Repeat each entry exactly and drop the pictures.

··········

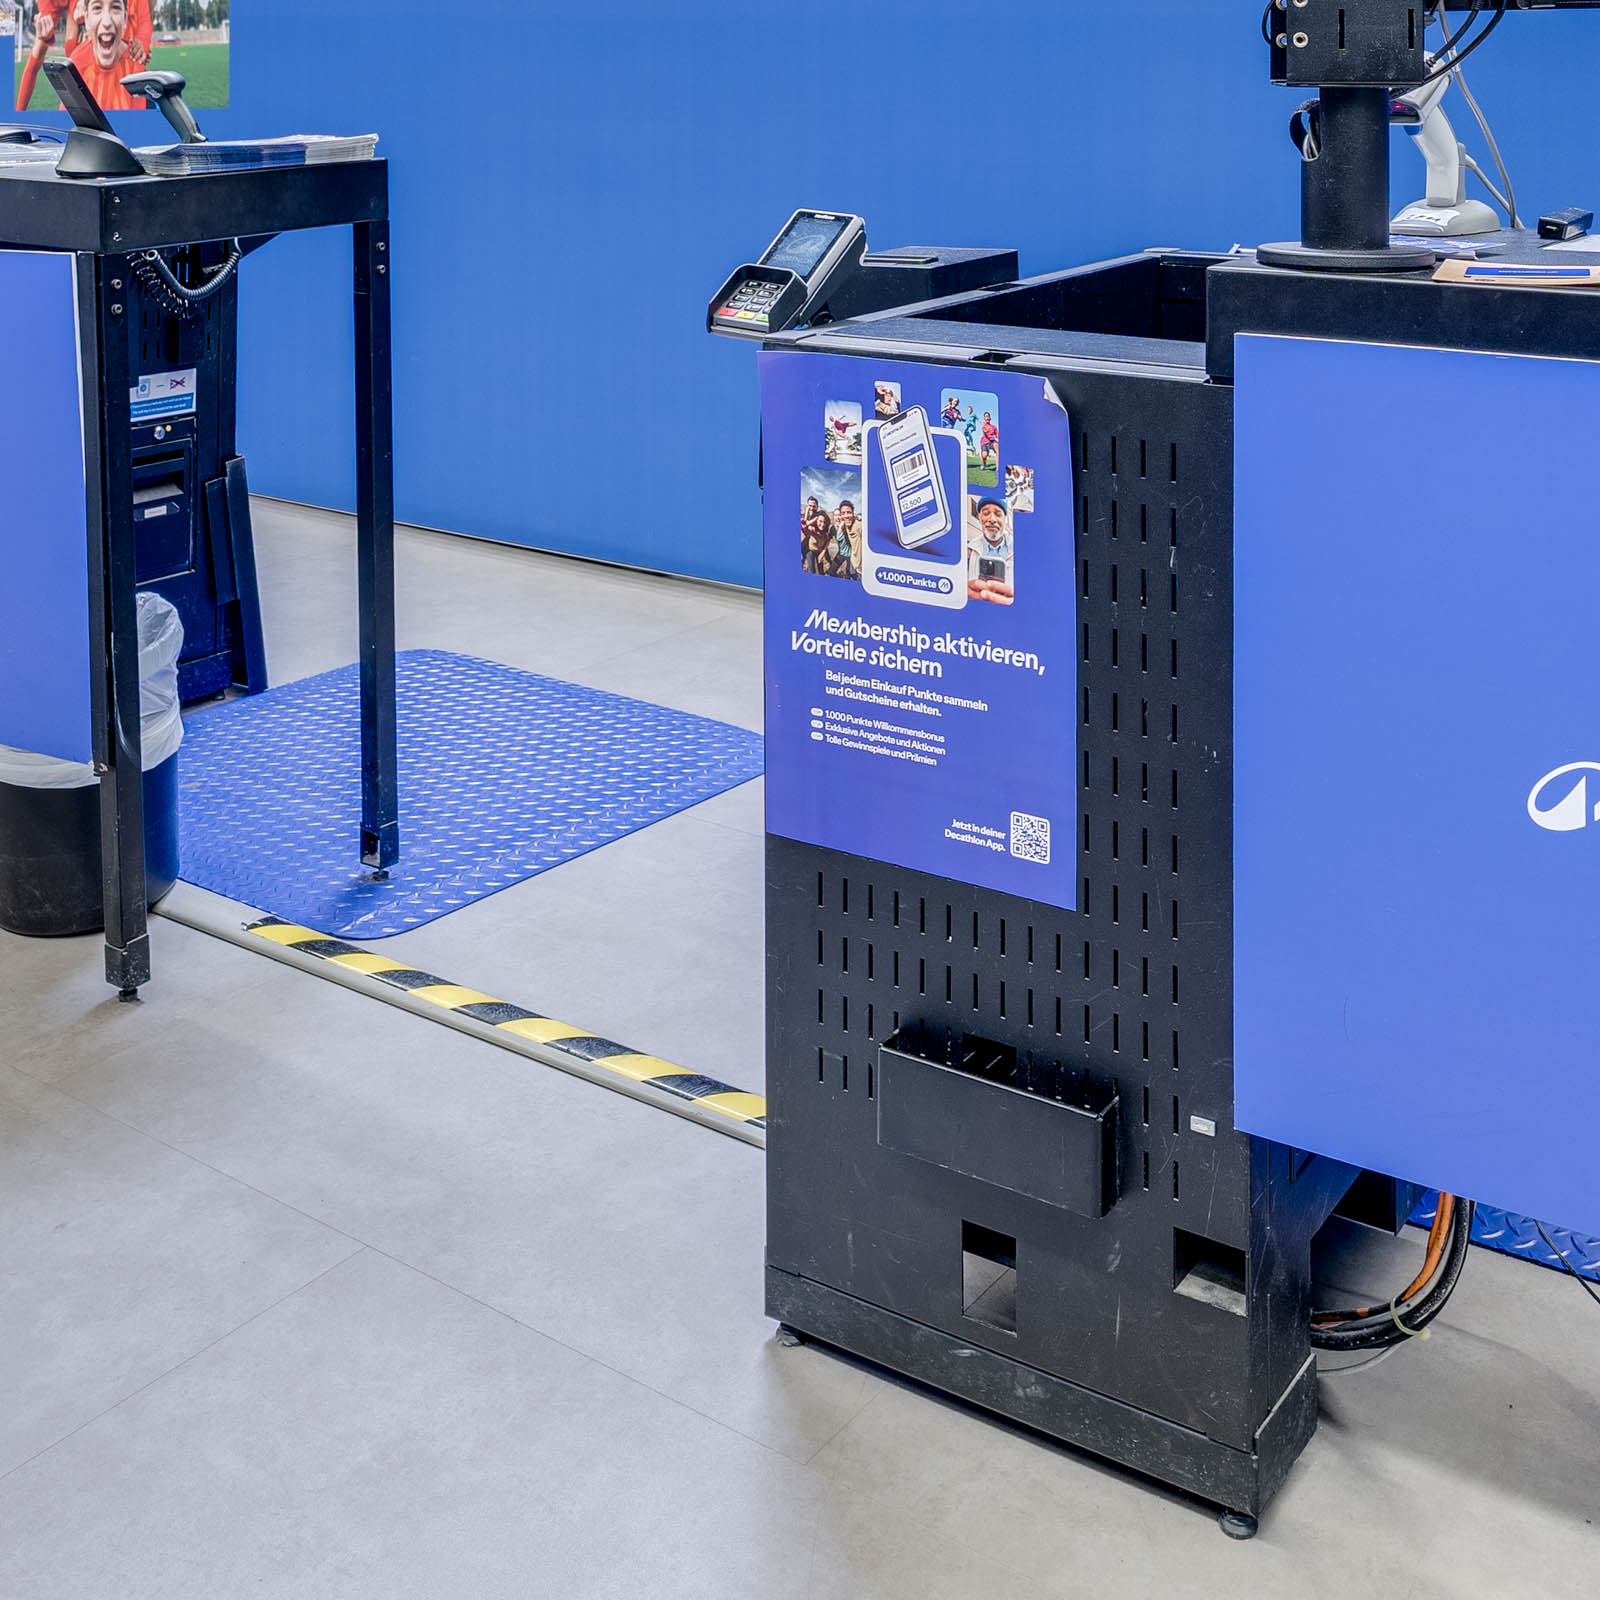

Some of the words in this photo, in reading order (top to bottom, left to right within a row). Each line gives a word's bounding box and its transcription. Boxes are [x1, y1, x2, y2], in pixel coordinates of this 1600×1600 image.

[877, 571, 906, 584] +1.000
[906, 575, 937, 589] Punkte
[791, 630, 867, 663] Vorteile
[868, 646, 943, 678] sichern
[804, 608, 931, 653] Membership
[933, 632, 1046, 676] aktivieren,
[825, 669, 842, 682] Bei
[840, 672, 871, 689] jedem
[871, 678, 908, 695] Einkauf
[907, 686, 944, 703] Punkte
[943, 695, 988, 712] sammeln
[825, 685, 844, 697] und
[844, 688, 899, 708] Gutscheine
[899, 700, 942, 717] erhalten.
[824, 709, 847, 722] 1.000
[846, 714, 873, 728] Punkte
[873, 719, 945, 743] Willkommensbonus
[824, 721, 858, 737] Exklusive
[859, 728, 896, 745] Angebote
[895, 737, 911, 749] und
[911, 739, 946, 756] Aktionen
[824, 733, 842, 745] Tolle
[890, 747, 906, 760] und
[906, 751, 937, 766] Prämien
[944, 828, 986, 847] Decathlon
[951, 818, 972, 832] Jetzt
[972, 823, 980, 834] in
[980, 825, 1007, 840] deiner
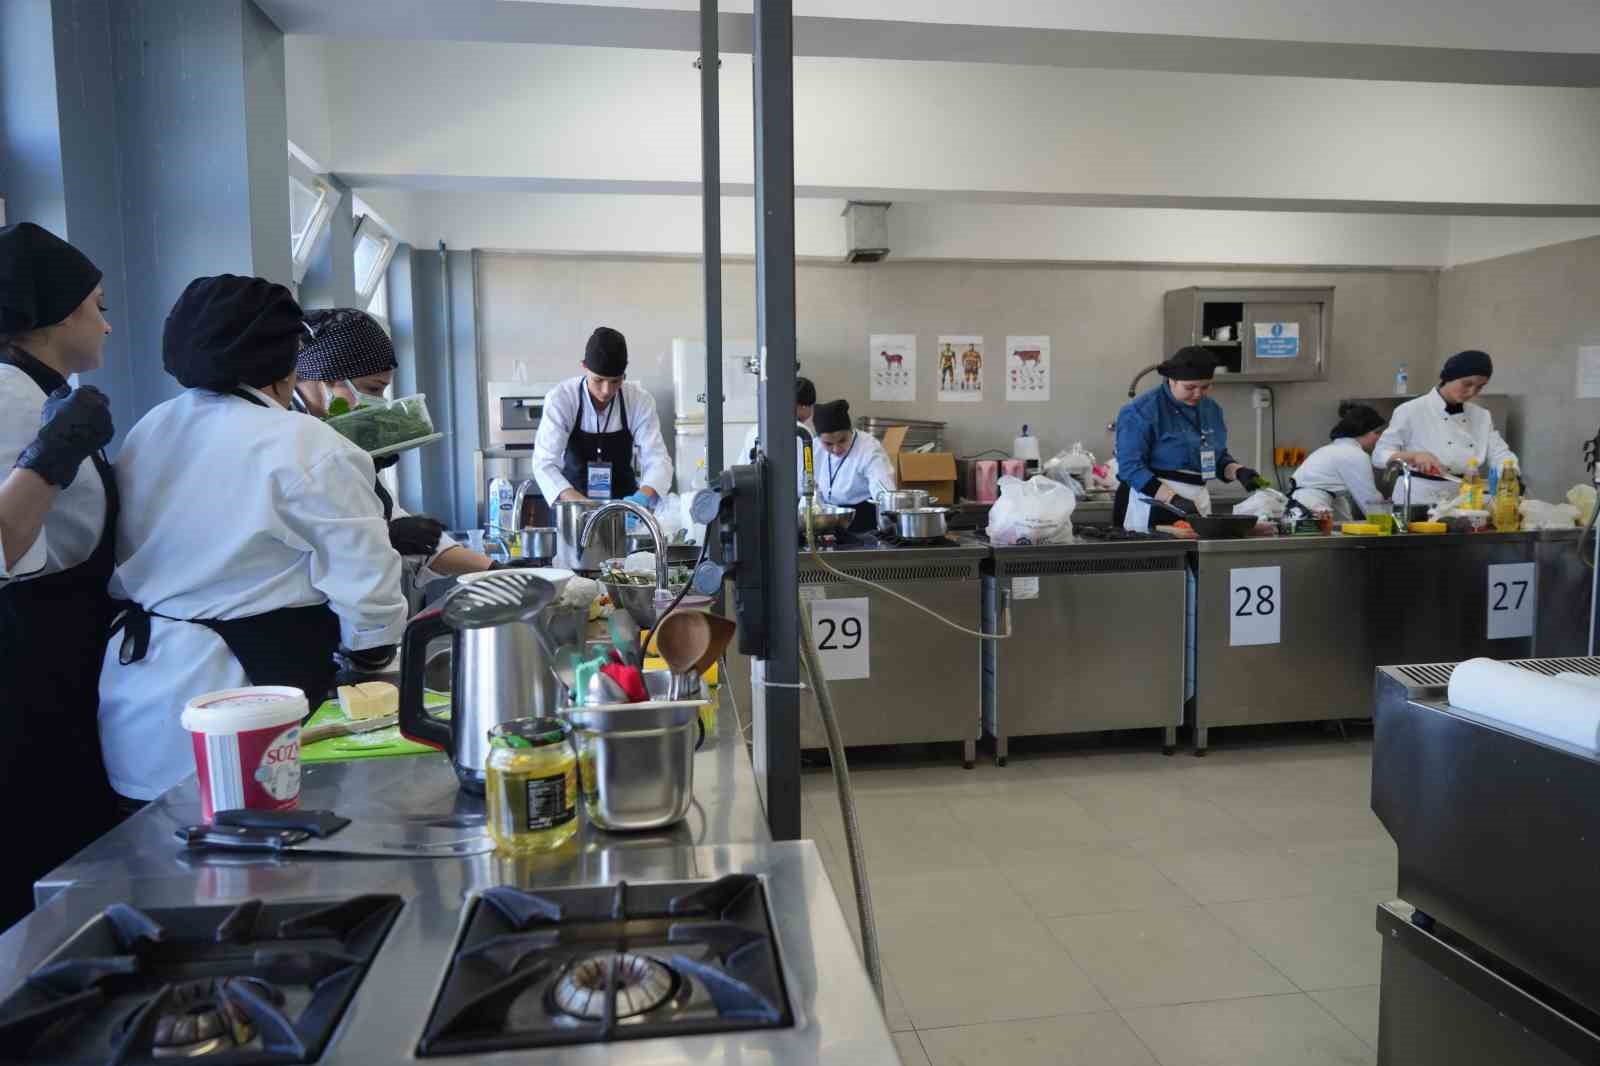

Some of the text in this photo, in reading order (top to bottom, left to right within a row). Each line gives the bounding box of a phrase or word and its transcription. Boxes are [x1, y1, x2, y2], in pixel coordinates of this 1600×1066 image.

[1235, 585, 1274, 616] 28
[1492, 581, 1529, 610] 27
[818, 617, 862, 650] 29
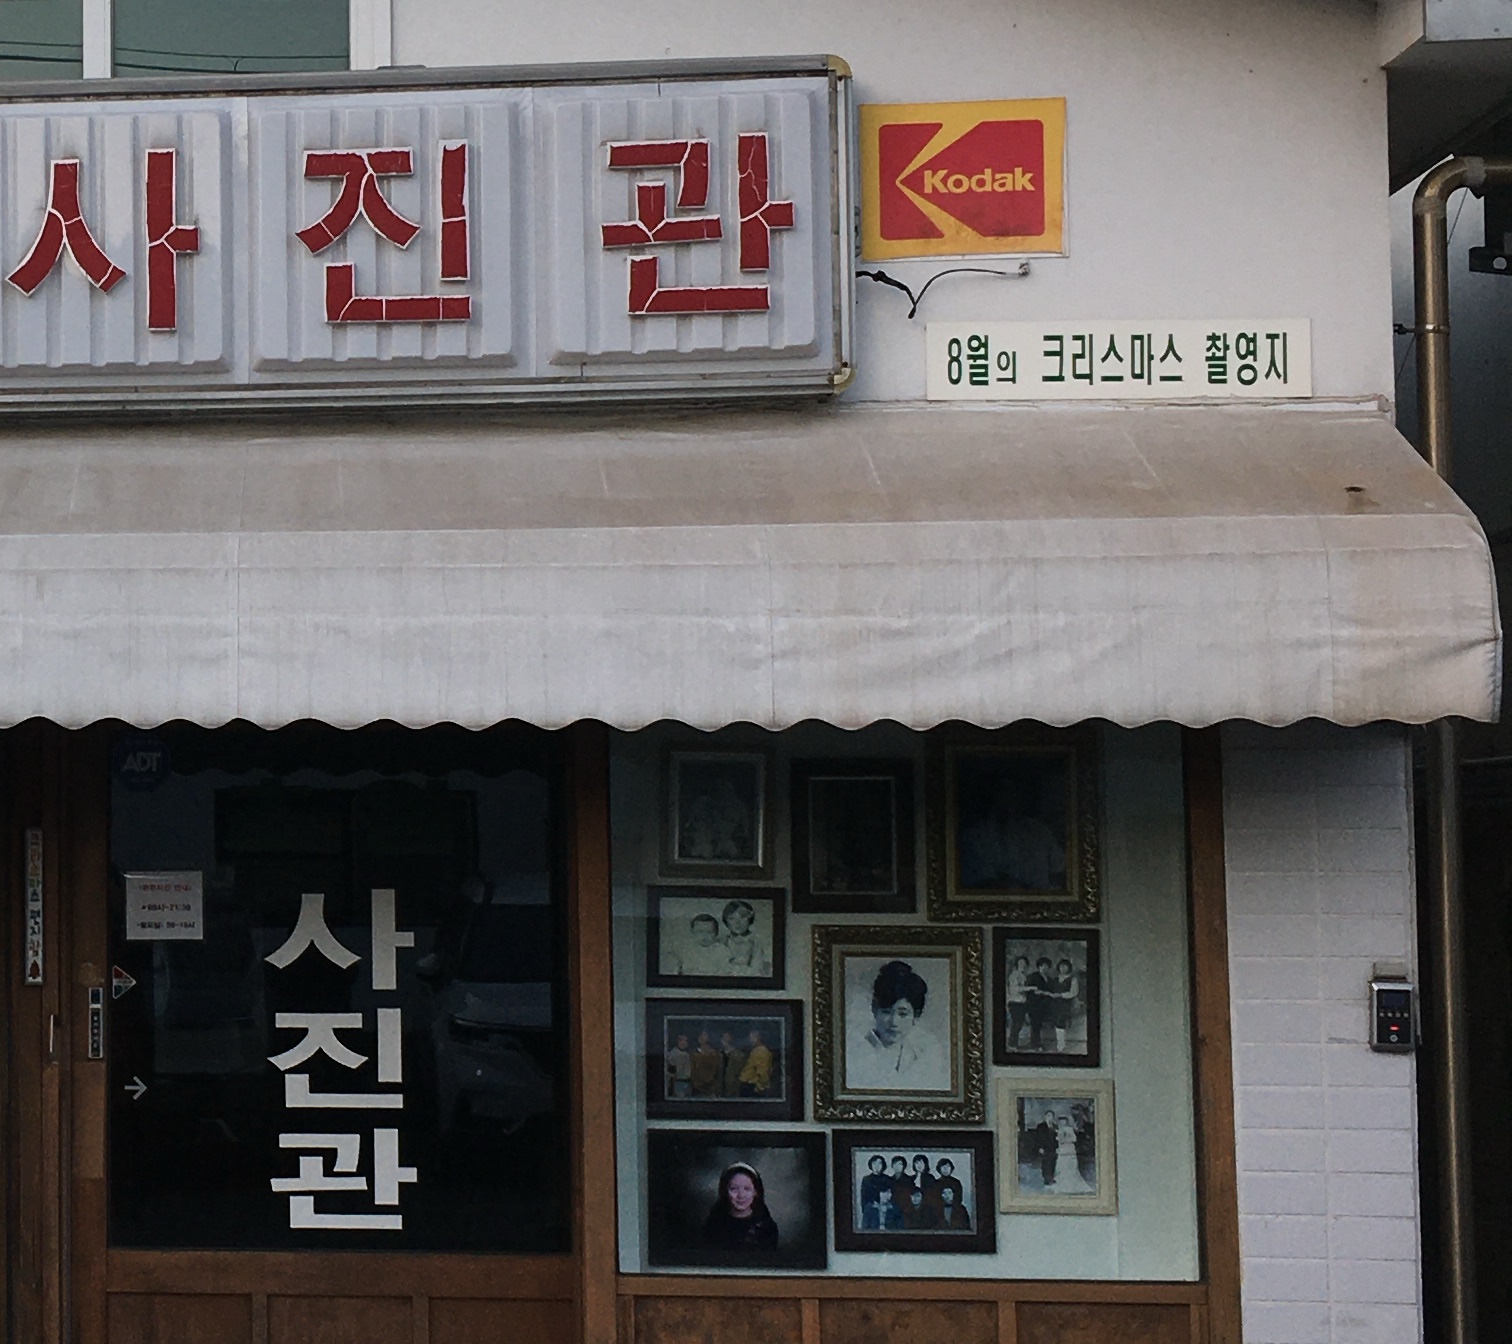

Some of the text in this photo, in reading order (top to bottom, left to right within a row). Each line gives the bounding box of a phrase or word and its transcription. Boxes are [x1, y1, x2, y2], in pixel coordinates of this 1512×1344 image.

··········

Written response:
Some of the words in this photo, in reading order (top to bottom, left to right within a row). Each line gives a word's bounding box and its transcription. Boxes are [x1, y1, x2, y2], in pixel coordinates of this 1600×1600 image.

[877, 571, 906, 584] +1.000
[906, 575, 937, 589] Punkte
[791, 630, 867, 663] Vorteile
[868, 646, 943, 678] sichern
[804, 608, 931, 653] Membership
[933, 632, 1046, 676] aktivieren,
[825, 669, 842, 682] Bei
[840, 672, 871, 689] jedem
[871, 678, 908, 695] Einkauf
[907, 686, 944, 703] Punkte
[943, 695, 988, 712] sammeln
[825, 685, 844, 697] und
[844, 688, 899, 708] Gutscheine
[899, 700, 942, 717] erhalten.
[824, 709, 847, 722] 1.000
[846, 714, 873, 728] Punkte
[873, 719, 945, 743] Willkommensbonus
[824, 721, 858, 737] Exklusive
[859, 728, 896, 745] Angebote
[895, 737, 911, 749] und
[911, 739, 946, 756] Aktionen
[824, 733, 842, 745] Tolle
[890, 747, 906, 760] und
[906, 751, 937, 766] Prämien
[944, 828, 986, 847] Decathlon
[951, 818, 972, 832] Jetzt
[972, 823, 980, 834] in
[980, 825, 1007, 840] deiner

Some of the text in this photo, in reading order (top to bottom, left to right within a row). Each line gives the bounding box of a phrase or word and its transcription. Boxes are [x1, y1, x2, y2], in pixel coordinates of this 1600×1066 image.

[1235, 585, 1274, 616] 28
[1492, 581, 1529, 610] 27
[818, 617, 862, 650] 29

Some of the text in this photo, in reading order (top to bottom, left to right within a row). Each line gives the bounding box of a phrase or word and its transcription. Boxes are [x1, y1, x2, y2], in pixel coordinates of this 1512×1344 image.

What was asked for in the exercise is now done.